I know many people are more familiar with the ISU structure and history than I am, but it's not as if the ISU makes it a simple matter of search and click to get the lowdown on who's who, how it's structured, and who the players are below the very top. For instance, it's easy to find the ISU president, not so easily members of the governing councils. There's more transparency in the actual cosa nostra, actually. Just google. With the ISU, not so, especially when it comes to what the skaters "hear" and who decides what it is skaters should "hear". The who, what, when, where, why and how about that is impenetrable.

This somewhat older article (2012):

Lame Duck

mentions that at the time the article was written, Cinquanta is a lame duck, and that, while Dore is his logical successor, Dore is getting on in years (me: you'd think that would make him a shoo-in with the ISU), he's eligible for the presidency in 2014 only, and not if the elections are delayed until 2016, which is what some people apparently wanted, for the express purpose of preventing him from becoming president.

I'll amend this post as I acquire a clearer picture of things, but the above article (again - 2012) also mentions that former Skate Canada president Benoit Lavoie and French Fed member Didier Gailhaguet are among the aspirants for the presidency. Lavoie himself not long ago resigned Skate Canada in order to throw himself into the embrace of the ISU. We can be sure he made that decision only after devoting himself 1,000% to the best interests of Skate Canada and its figure skaters during his tenure at president, and never once let himself be influenced by a desire to curry favor with the ISU, where his future lay.
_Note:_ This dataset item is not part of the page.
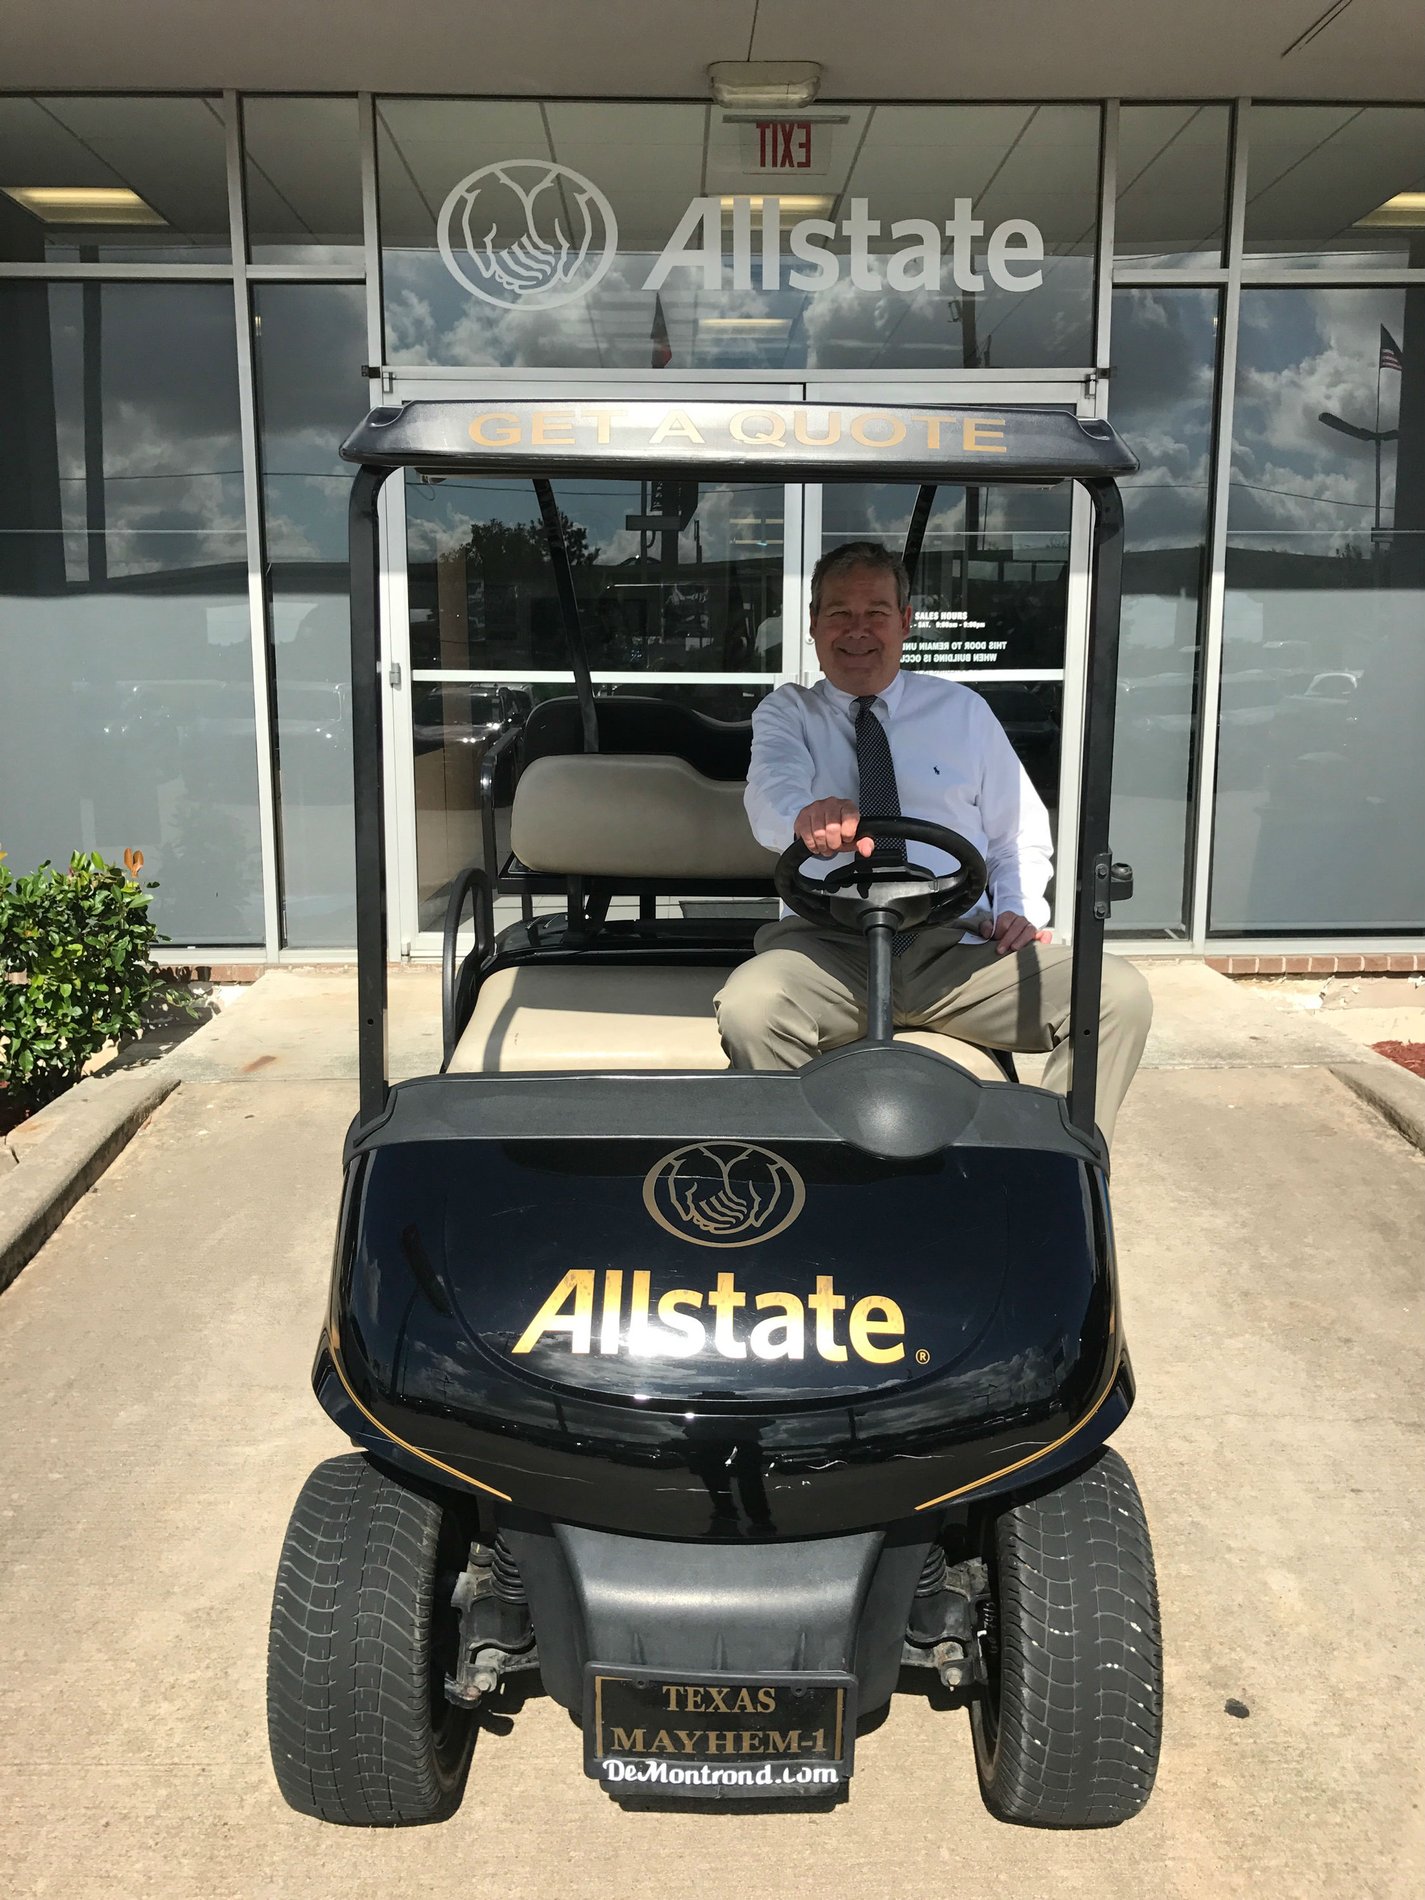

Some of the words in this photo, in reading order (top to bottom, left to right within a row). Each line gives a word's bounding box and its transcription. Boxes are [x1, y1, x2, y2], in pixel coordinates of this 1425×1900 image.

Here, let's observe that, for quite some time now, and for all of Scott Moir's public support, Mike Slipchuk has sounded cavalier in almost all of his public commentary. The results of a given competition hardly engage his interest. He was near-dismissive about what happened at the Olympics to Scott and Tessa, didn't seem especially fussed by Patrick Chan's disappointing skates, and I don't think uttered a peep of complaint about the GPF either. He's not pressed about anything. He's been super laid back for a long time, even though he's not the one getting fucked.

Thursday, February 20, 2014

It's only cheating if they're Russian, and looking at figure skating journalism

Christine Brennan, who after two decades still doesn't know all that much about figure skating at blade level, who looked away when Virtue and Moir won the ice dance competition on the ice, but the judges gave the gold to Davis and White instead, has no problem with that outcome.

She's mad because, in ladies, the judges gave ladies gold to the Russian instead of the Korean.

There is actually a case to be made for Adelina Slotnikova versus Yuna Kim (she has a triple loop, for one), and there is none for Davis White versus Virtue Moir.

So of course North America is taking up the Yuna's cause, because blaming Russia never gets old. All of North America will never get over the butt hurt that Russian skaters were the better skaters for a number of decades. Being better at an expensive sport that one must begin in early childhood tends to happen when the sport is underwritten by the state and the state proactively seeks out talent all over the country, and nurtures that talent, giving it every opportunity to succeed. That's how it tends to work everywhere with any sport. It's not something that should keep you up at night for Christ's sake. In those days Russia prioritized skating. N.A. did not.

What IS North America's issue with Russia in skating, an issue they don't seem to have with skaters from other countries?

The media has managed to unearth all kinds of things about the tech controller and the judges in the ladies free, but nobody thinks to explore the scoring patterns of competitions where VM lose to DW despite outskating DW. It's all a freaking mystery.

When Americans win, deals and cheating is okay.